■ WHAT TO PRODUCE:
Lines before the one containing "this 1880×1300 image." are left out; output the rest of the data exactly, through the final line.

■ DATA FOR THE TASK:
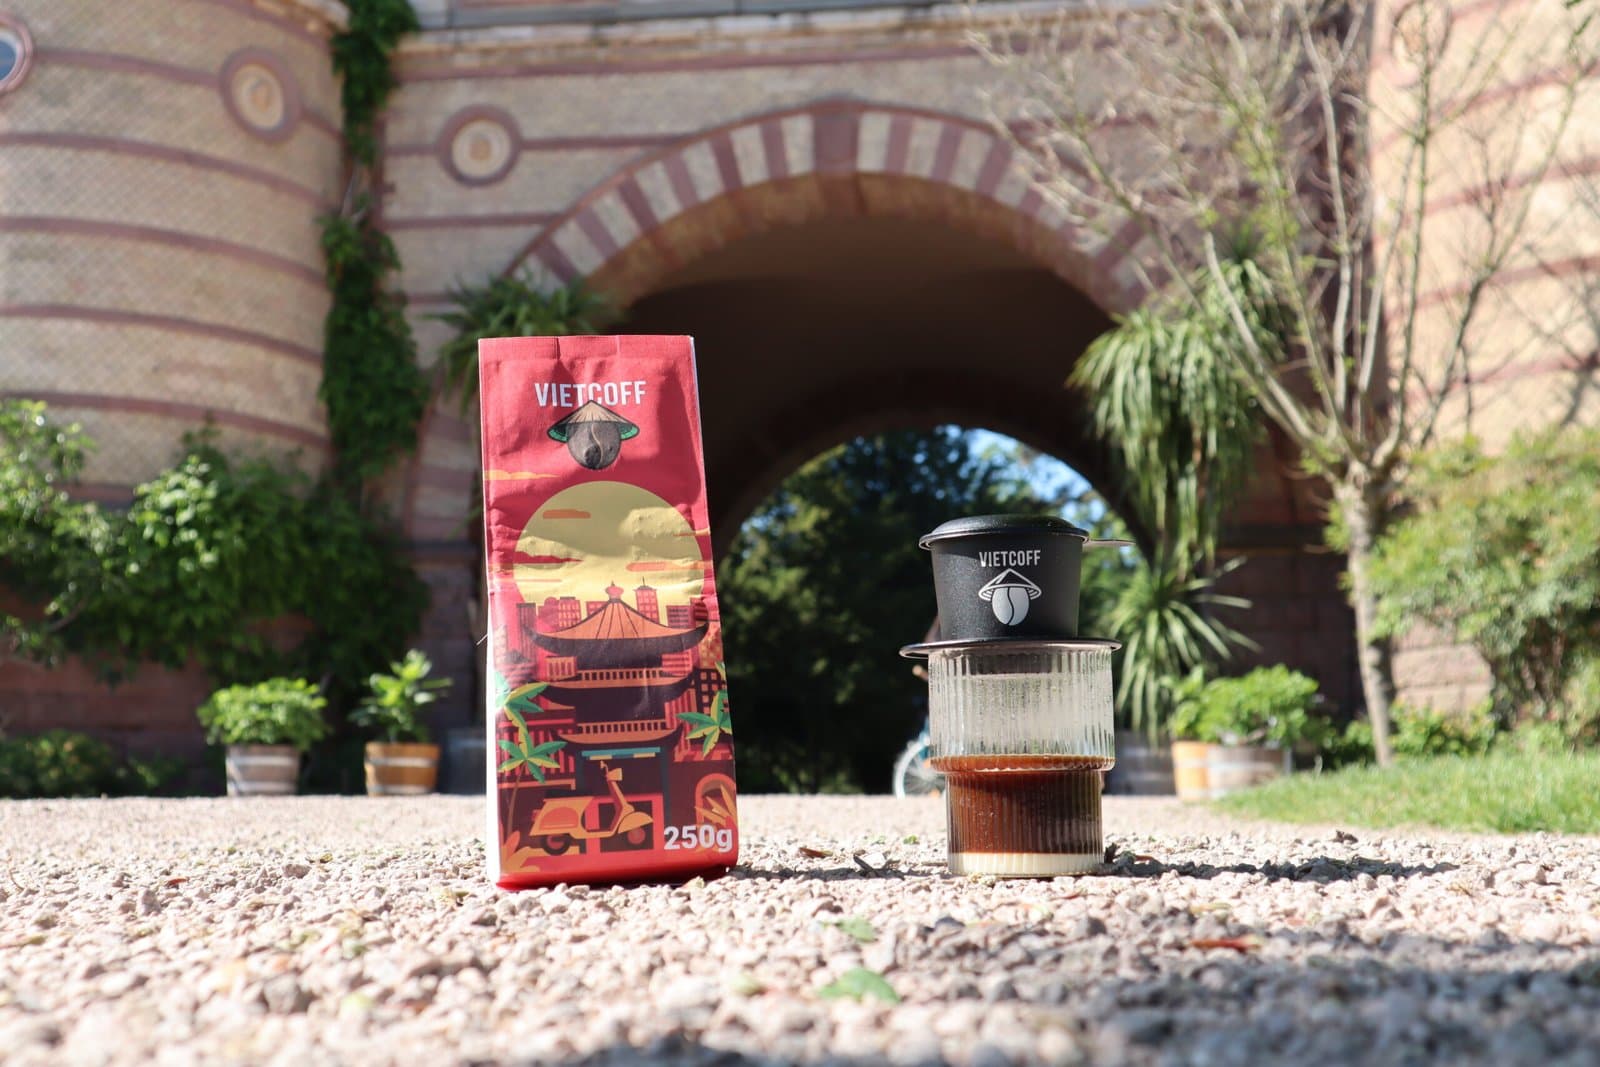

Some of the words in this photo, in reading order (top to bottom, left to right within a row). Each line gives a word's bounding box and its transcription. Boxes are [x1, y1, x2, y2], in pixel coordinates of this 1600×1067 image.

[534, 381, 647, 408] VIETCOFF
[979, 550, 1041, 568] VIETCOFF
[663, 824, 733, 853] 250g
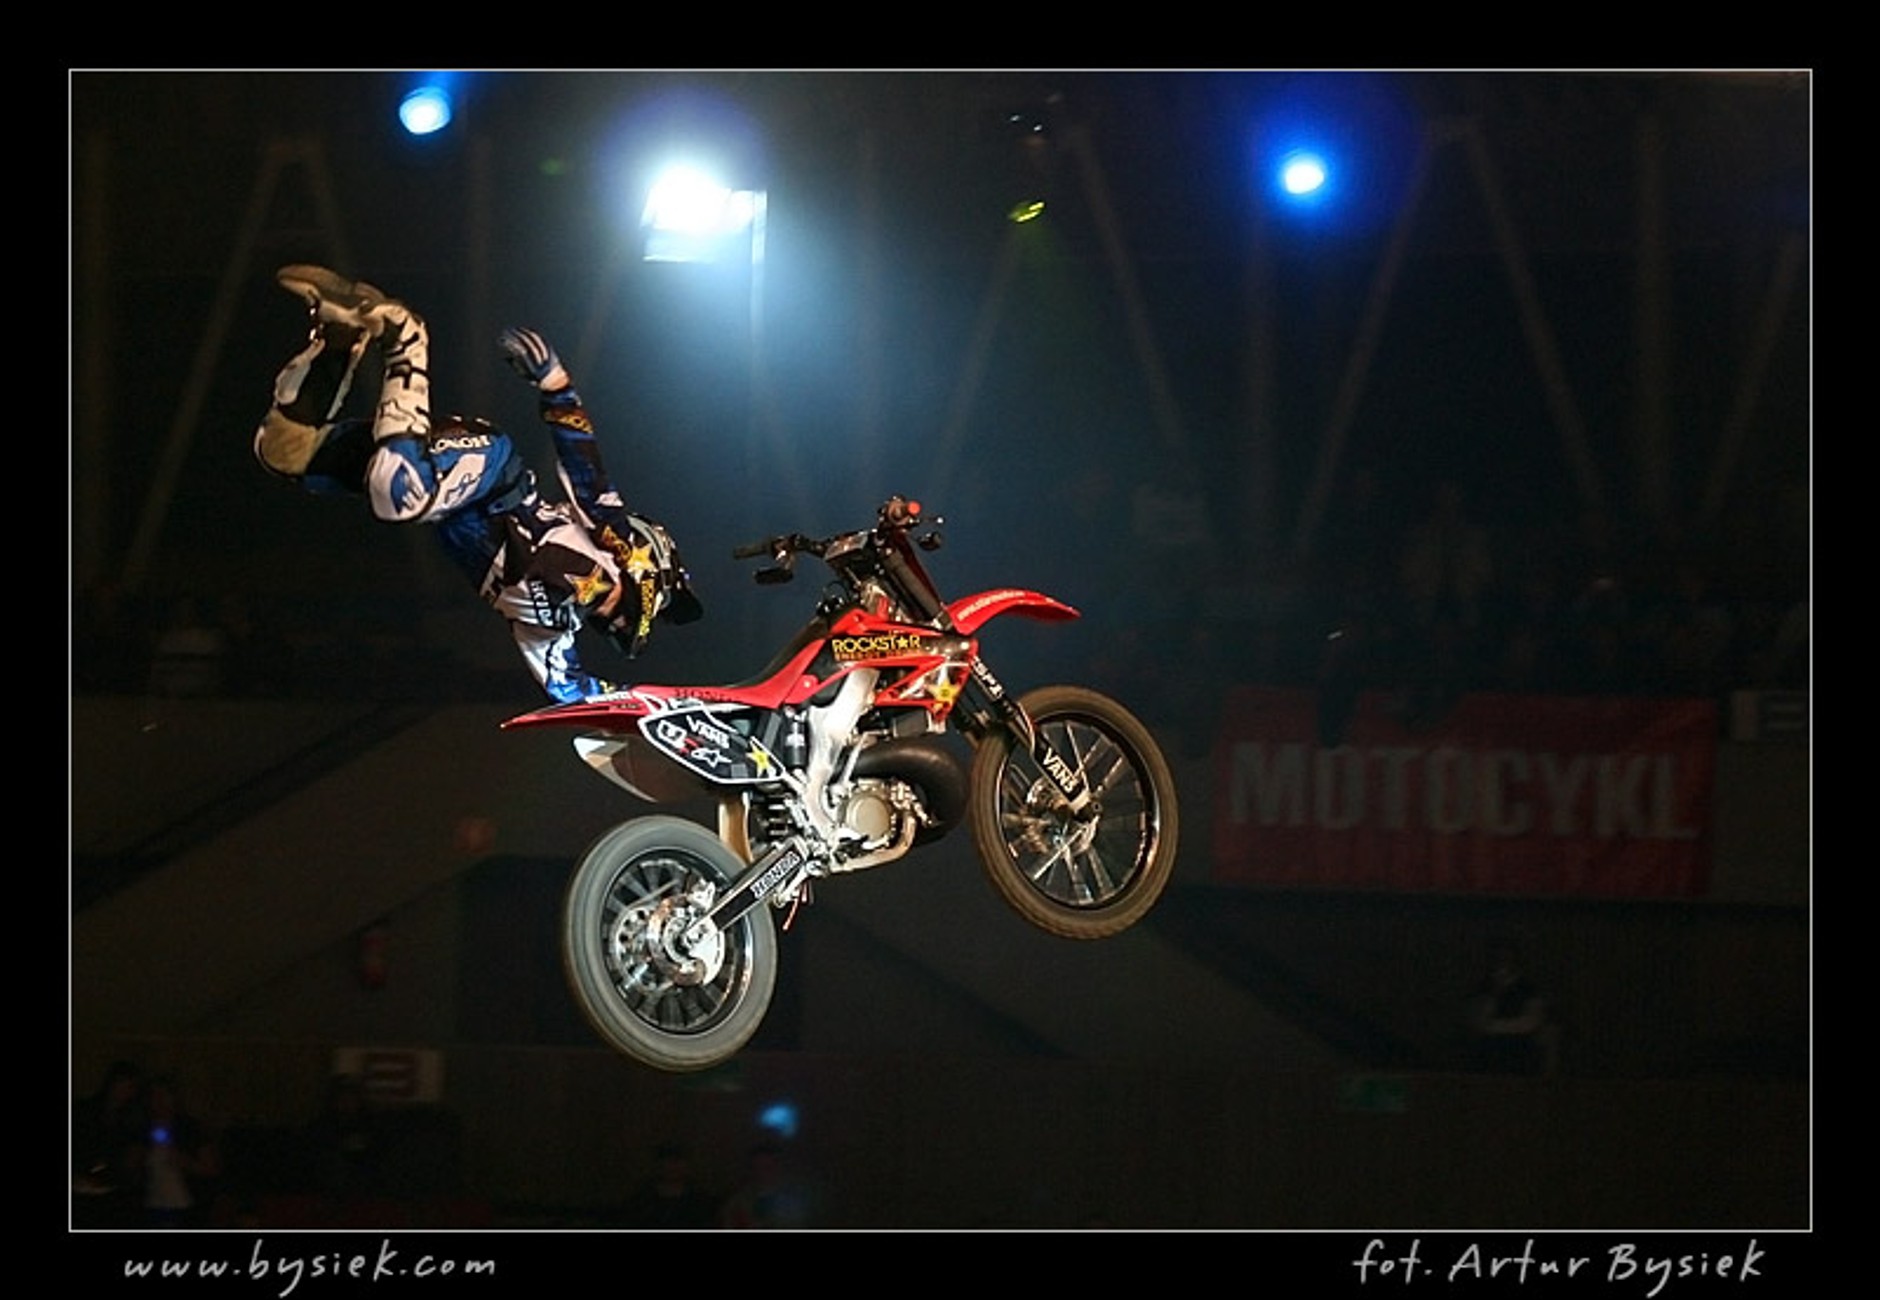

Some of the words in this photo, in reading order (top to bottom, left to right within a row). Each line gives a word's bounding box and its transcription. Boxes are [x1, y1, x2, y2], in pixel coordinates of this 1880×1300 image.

[1043, 747, 1081, 793] VANS
[1229, 739, 1701, 842] MOTOCYKL
[751, 851, 801, 899] HONDA

■ ANSWER TO THIS EXERCISE:
Some of the words in this photo, in reading order (top to bottom, left to right within a row). Each line gives a word's bounding box and its transcription. Boxes are [x1, y1, x2, y2], in pixel coordinates of this 1880×1300 image.

[1043, 747, 1081, 793] VANS
[1229, 739, 1701, 842] MOTOCYKL
[751, 851, 801, 899] HONDA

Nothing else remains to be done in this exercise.